Alternatively, if the balloon catheter does not provide enough support for catheter engagement and there is no suitable side branch or lesion for the balloon to be inflated, a guide extension catheter can be used to selectively engage the coronary ostium via the guidewire and balloon catheter. The guide extension catheter is particularly useful both to help with device/stent delivery and for contrast opacification of the coronary arteries when PCI is required. Figure 3A illustrates the inability of the guiding catheter to engage the LM ostium selectively despite the passage of the catheter through the stent frame of the SESAV. At this position, the LM artery was successfully wired and a guide extension catheter was delivered into the LM shaft to enable selective LM engagement, adequate coronary opacification with contrast and completion of the PCI (Figure 3B).
Upon completion of the CA or PCI procedure, care should be taken to carefully disengage the coronary catheter from the coronary ostium.
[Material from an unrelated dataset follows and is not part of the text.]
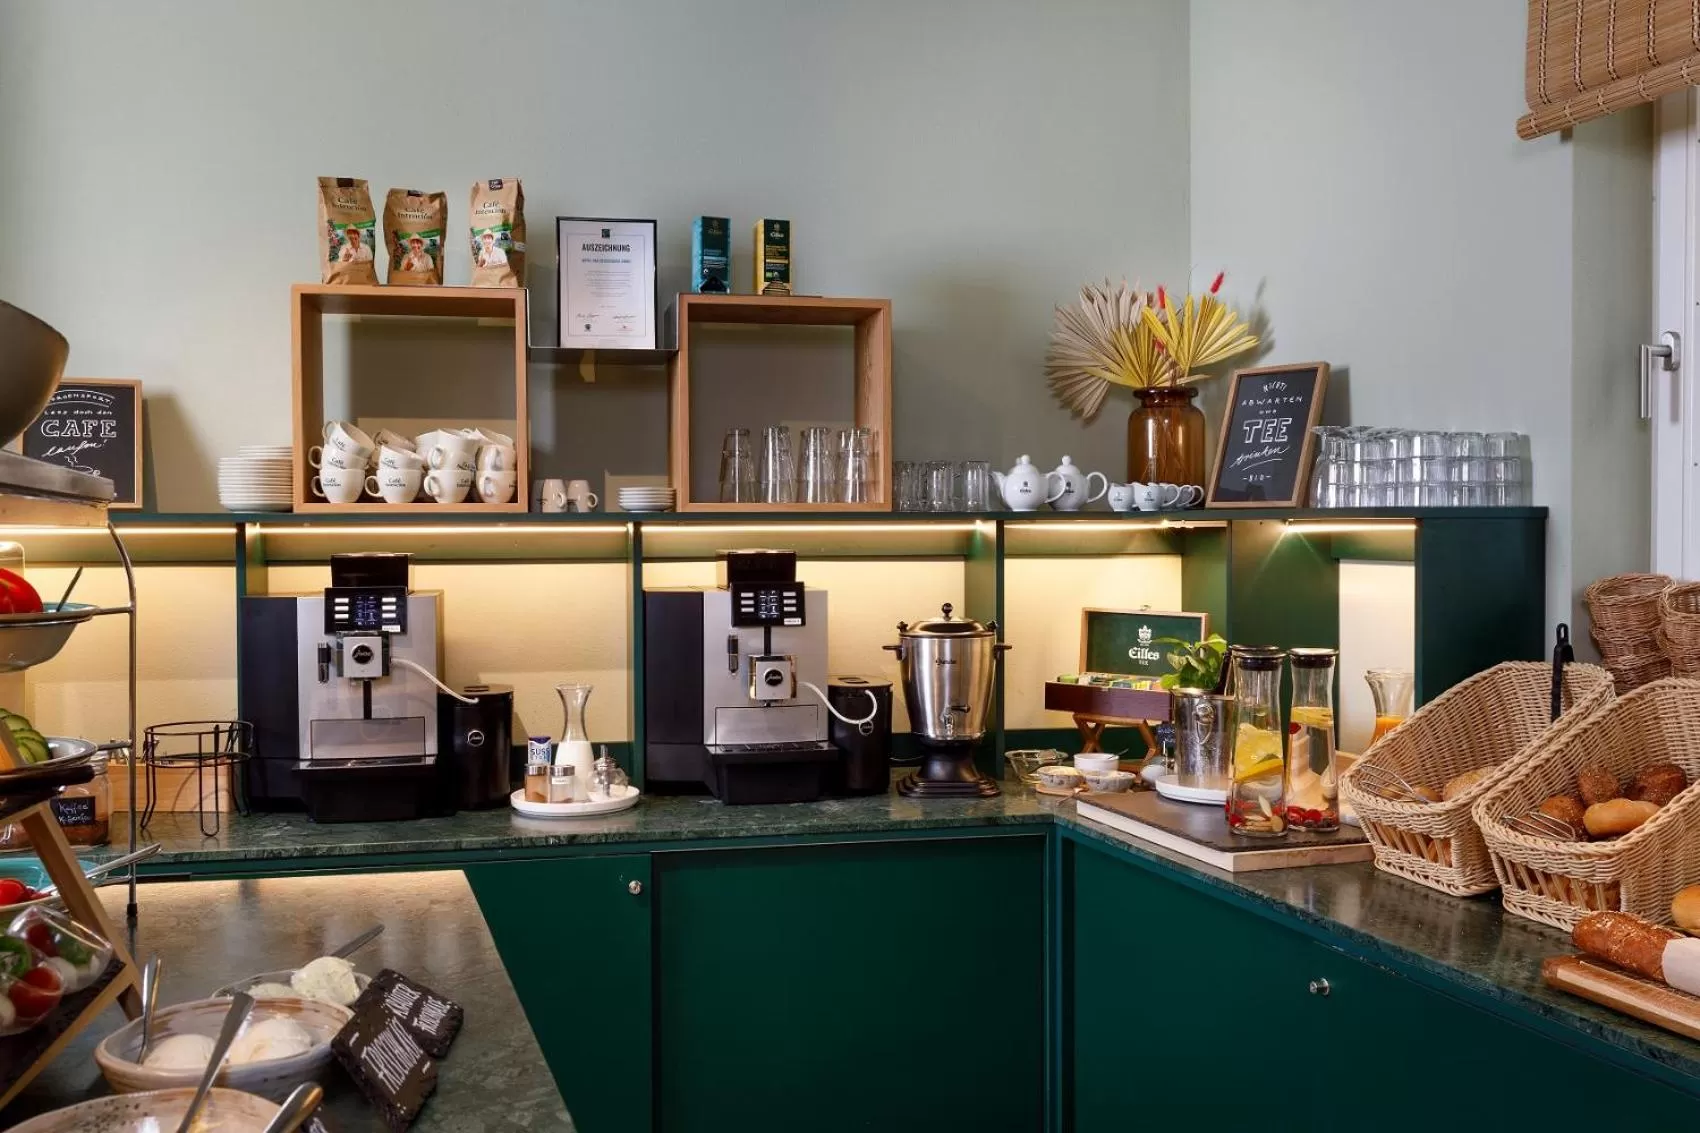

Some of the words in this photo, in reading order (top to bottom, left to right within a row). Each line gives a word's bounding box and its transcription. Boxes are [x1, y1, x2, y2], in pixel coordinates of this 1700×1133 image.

Entrapment of the catheter in the valve frame can occur, and excessive force should be avoided when removing the catheter through the frame. The disengagement and safe withdrawal of the catheter can usually be achieved by straightening the catheter using a J-tipped wire under fluoroscopy. Table 4 summarises some of these techniques.
With a higher proportion of younger patients treated with TAVI for symptomatic AS, the lifetime risk of requiring coronary reaccess for both diagnostic CA and PCI is increased in these patients. The maintenance and optimisation of coronary reaccess start with meticulous preprocedural planning, thoughtful TAVI prosthesis selection and careful TAVI prosthesis implantation to ensure commissural alignment, especially in the case of SESAV. When faced with the challenge of coronary reaccess in a patient with a TAVI prosthesis in situ, a good understanding of the patient’s aortic anatomy, TAVI prosthesis structure and corresponding modification of catheter selection and engagement will ensure that coronary reaccess is performed in a safe and optimised manner.